Soon, the three of us were out in the middle of that interesting liquid when we decided to anchor.  I grabbed the steel rod we’d taken along.  My plan was to jam the sharpened end through the wood slats of the raft into the bottom of the pond.  I proceeded to do so.   My aim was off, just enough.  The steel rod went through the upper side of the tube, then through the bottom, creating two large air leaks.  I realized what I’d done, and reactively pulled the big steel rod out of the tube.  Wrong move! With the rod pulled out, the air escaped even faster, of course.  We needed to get to shore, and fast!

We poled as quickly as we could.  Not fast enough!  The water rose steadily over our ‘dress’ shoes and then our ankles and then up to the knees of our Sunday best clothes.  We jumped overboard trying to get to shore quicker.  We’d misjudged the depth.  The murky water was up to my waist . . . and our little sister’s chest.  The expletive, ‘Oh shit!’, came to mind.

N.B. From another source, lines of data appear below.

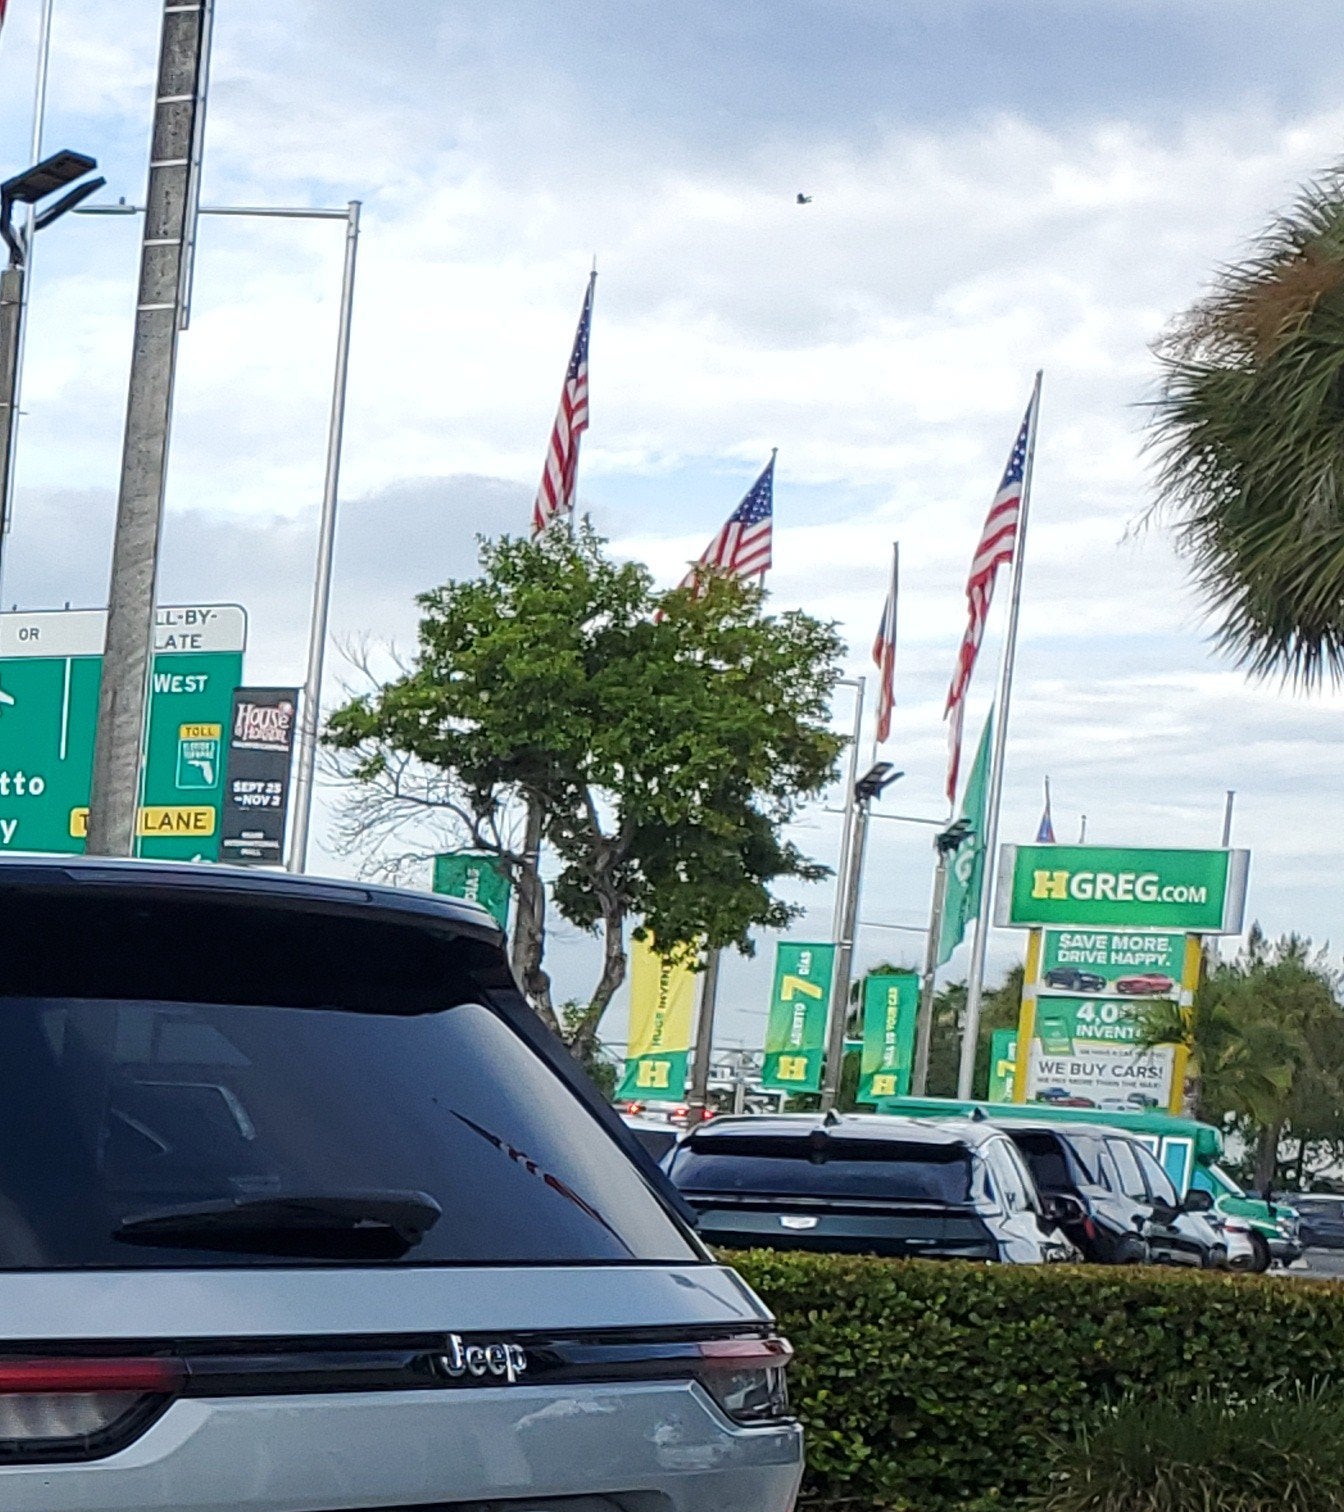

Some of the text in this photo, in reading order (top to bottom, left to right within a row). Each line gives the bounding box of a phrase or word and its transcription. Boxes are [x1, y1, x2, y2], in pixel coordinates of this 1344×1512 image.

[155, 609, 218, 625] LL-BY-
[18, 628, 40, 642] OR
[154, 634, 202, 649] LATE
[154, 673, 208, 693] WEST
[185, 726, 215, 737] TOLL
[233, 780, 265, 793] SEPT
[144, 812, 208, 830] LANE
[1059, 932, 1173, 952] SAVE MORE.
[1058, 950, 1171, 966] DRIVE HAPPY.
[781, 975, 823, 1000] 7
[1038, 1061, 1164, 1079] WE BUY CARS!
[441, 1333, 527, 1383] Jeep

It would be a gross understatement to say Mom was displeased with us.  We shouldn’t have been surprised when she ordered us into the bathtub fully clothed, despite the imminent arrival of the company.  There we were to scrub our clothing, disrobe and then scrub ourselves. My little sister was first.  I was next. The water had become quite grimy by the time it was my older sister’s turn.  At 10, she was the eldest.  The arriving company had to walk behind her through the kitchen to the living room, chuckling as they went.  Meanwhile, she crouched in the tub trying desperately to protect her pre-pubescent modesty.

My parents came to the conclusion correctly  I was the main culprit in this failed marine adventure.   After all, I’d poked the holes in the tube.  My sisters eagerly agreed.  Worse, yet, Dad had just bought that inner tube.  We hadn’t thought to ask permission.  As punishment, Mom decided I should empty the tub, all by myself.

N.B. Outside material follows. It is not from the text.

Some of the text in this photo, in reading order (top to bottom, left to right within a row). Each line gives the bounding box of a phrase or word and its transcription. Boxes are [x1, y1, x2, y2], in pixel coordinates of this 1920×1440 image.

The first few buckets were okay.  Dad insisted I dump the buckets in the pond.  I could have dumped them in the garden .  Hey, fertilizer plus water!  And it was much closer.  Seemed logical.  The pond was 250 feet farther away . . . Dad’s idea of a richly deserved added punishment.  With each trip to the pond, the buckets seemed to grow heavier, and definitely became more brackish.  At long last, I was finally scooping the remnants from the tub.  It was mostly brown mud . . . ah . . . liquid manure.  I propped one end of the tub up on some firewood, to get the last bit.

Just then, Mom came into the kitchen to put water on the stove for tea. Suddenly, the ladle I was using was snatched from my hand.   I felt a firm whack on the top of my head.  It sounded like the ladle.  Turned out, it was.  Evidently, she objected to me using the ladle I’d borrowed from our bucket of drinking water.  I would have rinsed it.  Honest!  Well . . . I’m pretty sure I would have.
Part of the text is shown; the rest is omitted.